RECHTSPOPULISMUS: PAROLEN, AKTEUR*INNEN, MEDIEN #4


21. Oktober 2013 TanjaKeller 0 Comment

UnterRechtspopulismus verstehen wir einen Politikstil, der komplexe Sachverhalte auf einfache, plumpe und rassistische Parolen reduziert. Rechtspopulistische Politiker*innen nutzen die erhöhte Arbeitslosigkeit, die weltweite Wirtschaftskrise oder die Globalisierung aus, um Ängste zu schüren (weitere Informationen zu rechtspopulistischen Parolen, findet ihr hier). Letzte Woche haben wir uns mit rechtspopulistischen Parteien, wie “Pro Deutschland” oder “Die Freiheit” beschäftigt.

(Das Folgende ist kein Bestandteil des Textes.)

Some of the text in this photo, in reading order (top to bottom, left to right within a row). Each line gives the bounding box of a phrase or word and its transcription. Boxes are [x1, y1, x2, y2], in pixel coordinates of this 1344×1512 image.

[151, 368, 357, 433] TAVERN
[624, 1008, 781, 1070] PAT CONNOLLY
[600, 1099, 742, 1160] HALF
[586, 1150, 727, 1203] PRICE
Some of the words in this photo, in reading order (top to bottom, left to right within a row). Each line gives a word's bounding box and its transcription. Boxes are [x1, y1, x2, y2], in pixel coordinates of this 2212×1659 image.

Heute wollen wir euch Medien vorstellen, die zwar nicht als die einzigen Plattformen der rechtspopulistischen Szene einzuordnen sind, aber dennoch Überschneidungen mit rechtspopulistischen Themen aufweisen. Wir stellen euch im folgenden Text die Zeitung “Junge Freiheit”sowie das Jugendmagazin “Blaue Narzisse” vor.

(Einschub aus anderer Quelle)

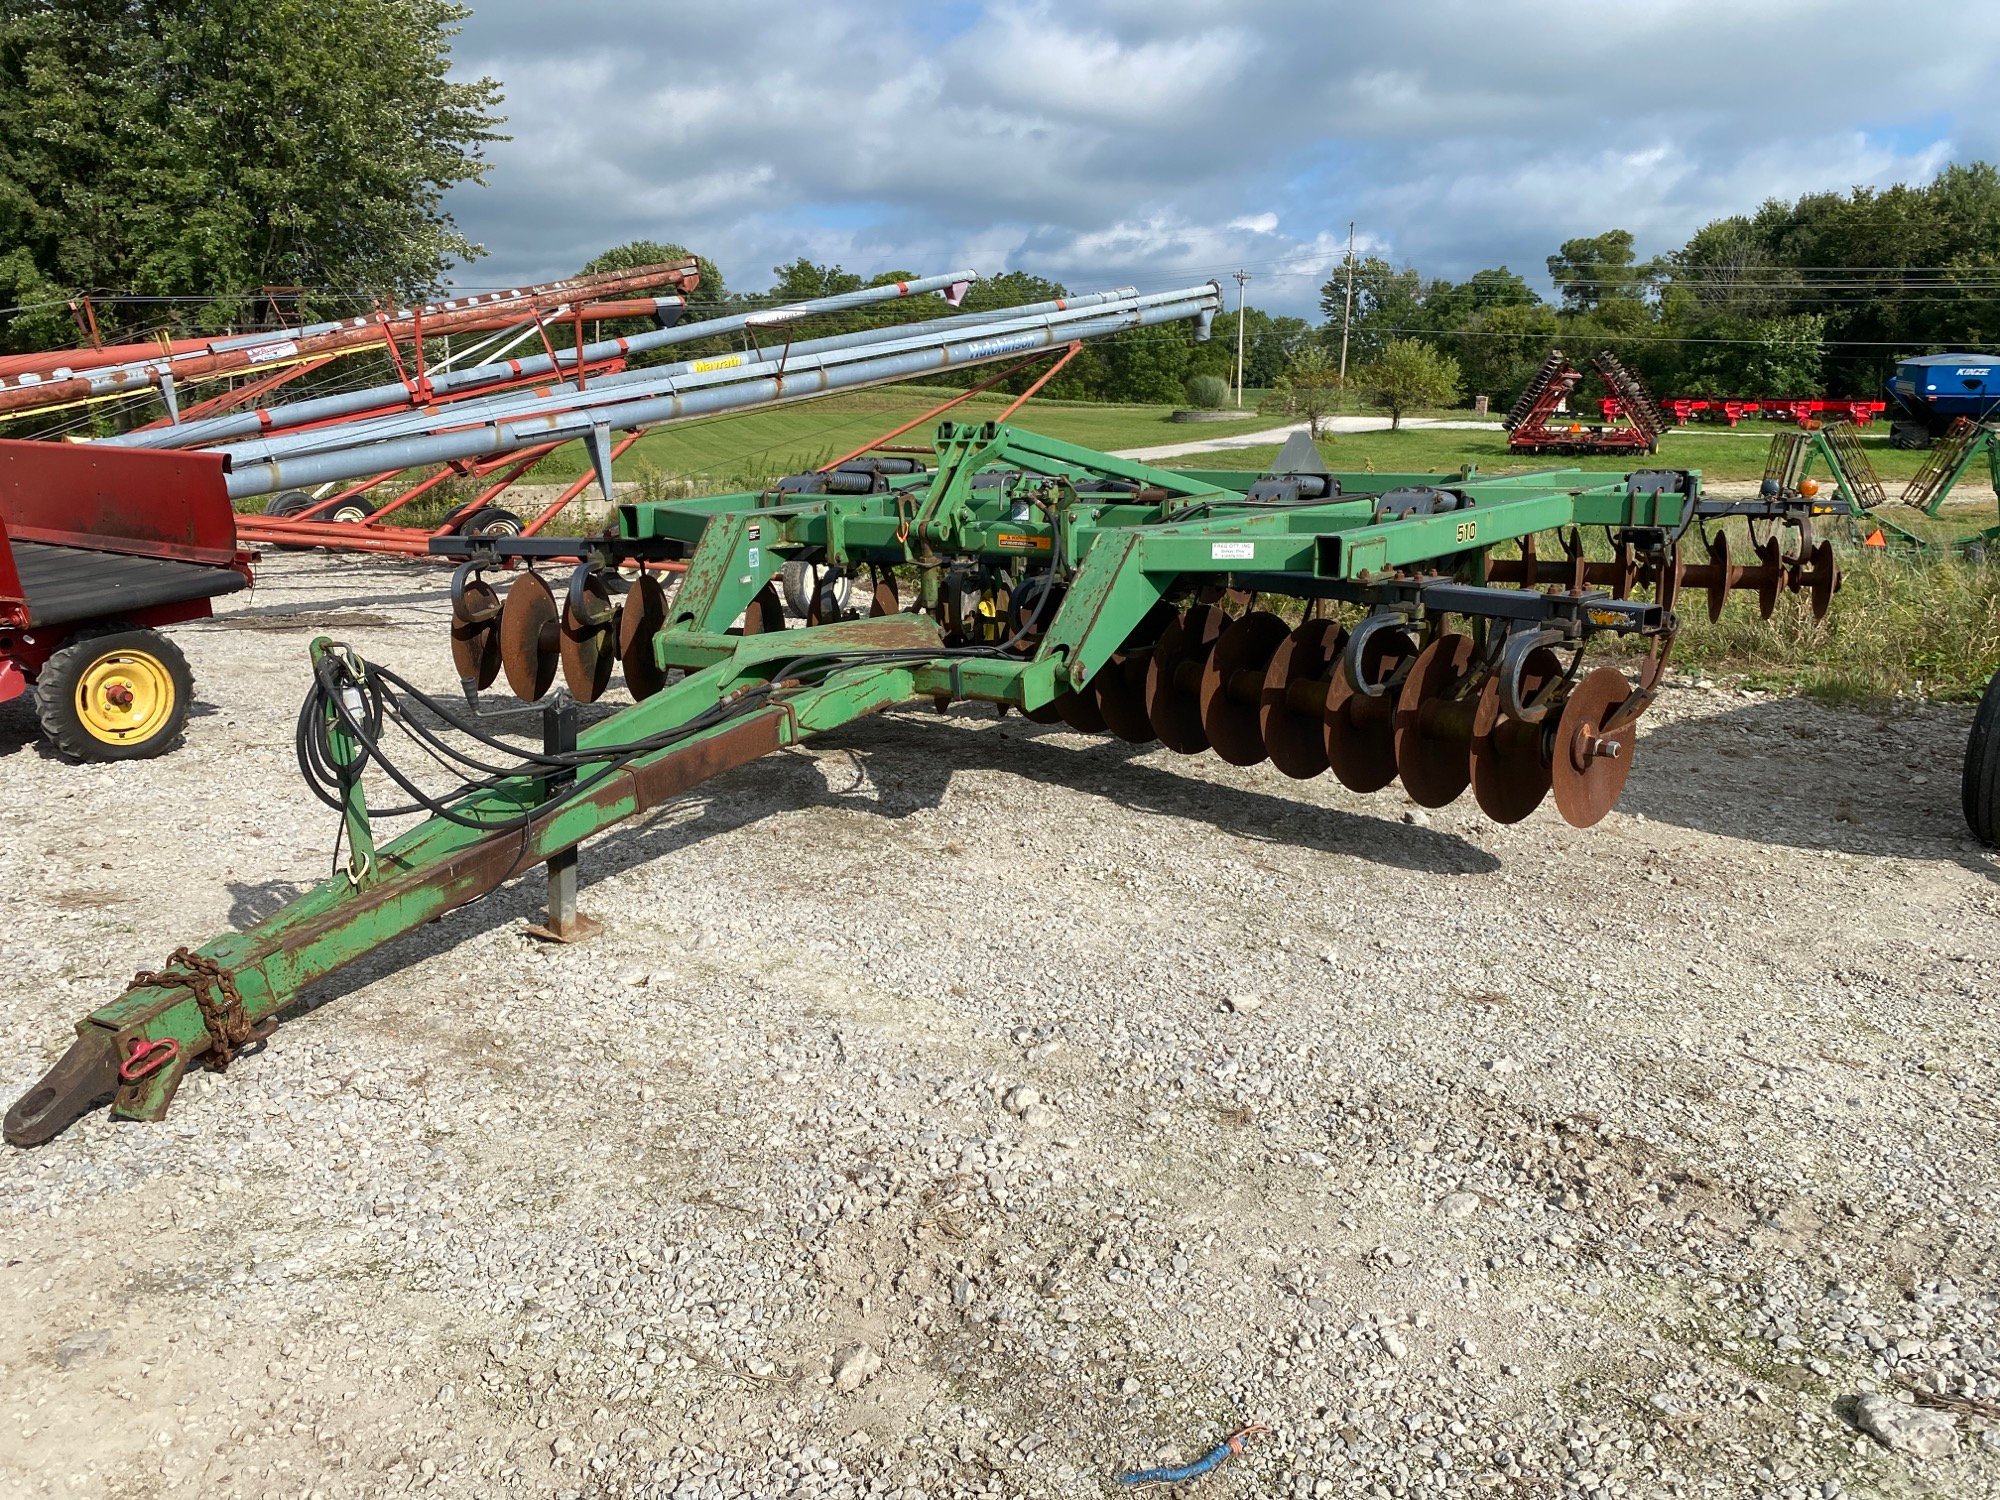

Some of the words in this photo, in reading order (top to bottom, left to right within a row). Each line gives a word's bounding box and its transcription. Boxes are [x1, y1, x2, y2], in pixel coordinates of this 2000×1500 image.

[968, 335, 1035, 359] Hutchinson
[694, 356, 742, 372] Mayrath
[1955, 368, 1991, 376] KINZE
[1456, 521, 1476, 544] 510

Diese beiden Zeitungen sind in das Feld der “Neuen Rechten” einzuordnen, einer uneinheitliche, rechtsgerichtete Strömung. Diese Szene grenzt sich von der “Neuen Linken” ab, kann jedoch nicht mit der extremen Rechten, wie Kameradschaften oder der NPD gleich gesetzt werden. Trotzdem gibt es innerhalb dieser Szene schwierige Tendenzen, da sie sich einerseits den Kampf gegen die 68er Generation auf die Fahnen geschrieben haben und andererseits den Islam als Bedrohung für die “deutsche Identität” ansehen.

Der Politblog “Politically Incorrect” (PI-News) ist ein weiteres Sprachrohr rechtspopulistischer Inhalte. “PI-News” gehört zu den bedeutendsten Medien dieser Strömung und leider, leider, leider zu den Top Ten der deutschsprachigen Blogcharts.

 


“JUNGE FREIHEIT”

Die Junge Freiheit ist einer der bekanntesten Zeitungen, die sich als Sprachrohr des “Konservatismus” versteht. Politikwissenschaftler*innen ordnen die Zeitung in das Spektrum der “Neuen Rechten” ein, dass für ein Politikverständnis zwischen dem Konservatismus und dem Rechtsextremismus darstellt. Deshalb ist es gerade hier wichtig, genau zu untersuchen, was Autor*innen aus diesem Spektrum wie und warum publizieren. Stumpfe Parolen wie “Ausländer Raus!” oder “Deutschland den Deutschen” wird niemand in den Artikeln dieser Zeitung finden. Trotzdem lassen sich rassistische Tendenzen zwischen den Zeilen herauslesen.

Ein Beispiel: In einem Artikel wird über den Asylbewerberanstieg in Nordrhein- Westfalen berichtet. Ansatt über die unmenschlichen Bedigungen in den Asylbewerberheim zu berichten oder auf die rassistische Gesetzgebung der Bundesrepublik hinzuweisen, verweist der Autor auf  die “Last des Steuerzahler”, die durch Asylbewerber*innen entstehe: “In der Vergangenheit hatte sich besonders die Unterbringung der Asylbewerber schwierig gestaltet. So mußten auf Kosten der Steuerzahler auch Hotels angemietet werden, da die Sammelunterkünfte keine weiteren Personen aufnehmen konnten.” (Link zum entsprechenden Artikel findet ihr hier.)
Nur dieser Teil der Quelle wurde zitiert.